Carmageddon – Change is Hard, Except When It’s Not

The world failed to end over the weekend. In Los Angeles, at least, this was a bit surprising, as there were many dire predictions made about the impact of closing down the 405 Freeway for a weekend of construction.

Many of the key issues are summarised in this remix from Downfall (which is funny, but NSFW, and probably not politically correct). There are also more straightforward discussions of the event dubbed “Carmageddon” on the LA Times website.

Even on weekends, the 405 carries a staggering amount of traffic, so it stands to reason that shutting it completely would have a major cascading effect on traffic throughout the rest of LA.

And yet, it didn’t. Why?

Because people changed their behaviour for the weekend. They stayed home, or walked place, or travelled in the opposite direction of where the traffic was supposed to be.

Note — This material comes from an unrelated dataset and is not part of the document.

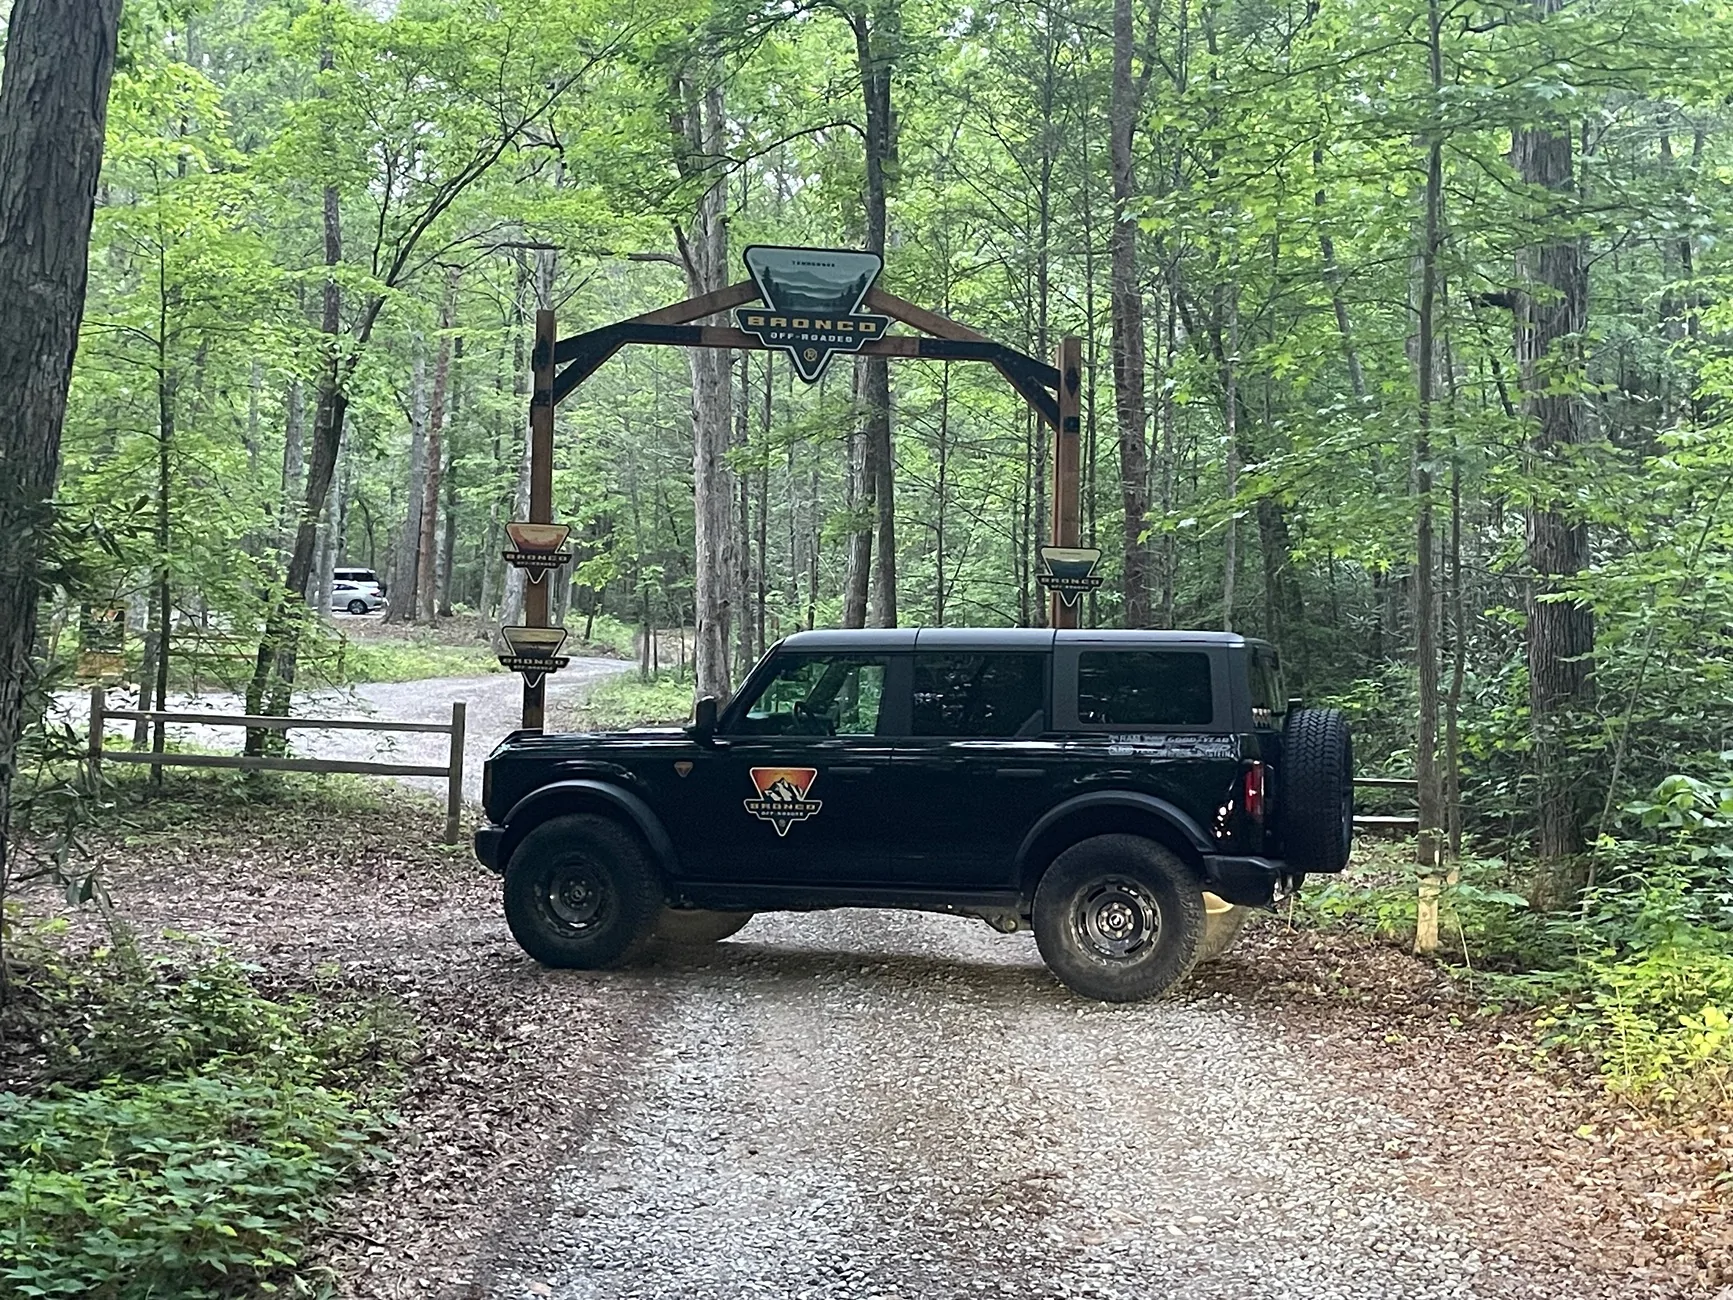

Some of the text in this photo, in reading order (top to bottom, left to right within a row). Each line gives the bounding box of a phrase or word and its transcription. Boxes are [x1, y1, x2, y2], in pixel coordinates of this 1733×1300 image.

[747, 316, 876, 332] BRONCO
[506, 553, 567, 561] BRONCO
[1041, 577, 1099, 585] BRONCO

In the end, Carmageddon was a complete non-event.

This is actually the second time that this has happened in LA. The first time, it was supposed to be even worse. That was during the 1984 Olympic Games. Most of the events took place around the LA Coliseum, which is right next to downtown. Traffic from people going to see the games was supposed to shut down the entire city – this time for two weeks.

The fact that this didn’t happened has been referred to as the “LA Traffic Miracle“.

Why were the Olympic weeks actually one of the smoothest traffic periods in memory? Because people changed their behaviour:

But The Times noted back in 1985 that it wasn’t exactly a miracle: ” [It was] no fluke but resulted to a large degree from employer policies during the Games (23% of major employers surveyed used staggered shifts; 33% permitted flextime).”

In both cases, the prediction that was actually being made was:

This event will be catastrophic, if people act as they normally do.

The problem is that no one ever says the second part out lout – it’s just assumed.

We run into this problem a lot when innovating. We introduce a new idea, and people resist it, because it will only work if they change their behaviour. This is a key innovation challenge – how can we make the behaviour change easier?

Scaring people is one method, as they did with Carmageddon and the 1984 Olympics.

However, this approach often only has short-term success.

The other approach that works is to create clear value for people with your innovation.

Peoples’ capacity to effect large-scale change is often surprising. Major changes in behaviour are often shocking, because we always assume that change is hard. However, if you create value for people with innovation, you can make it easier for them to change.

Once again, change will occur, and it won’t be the end of the world.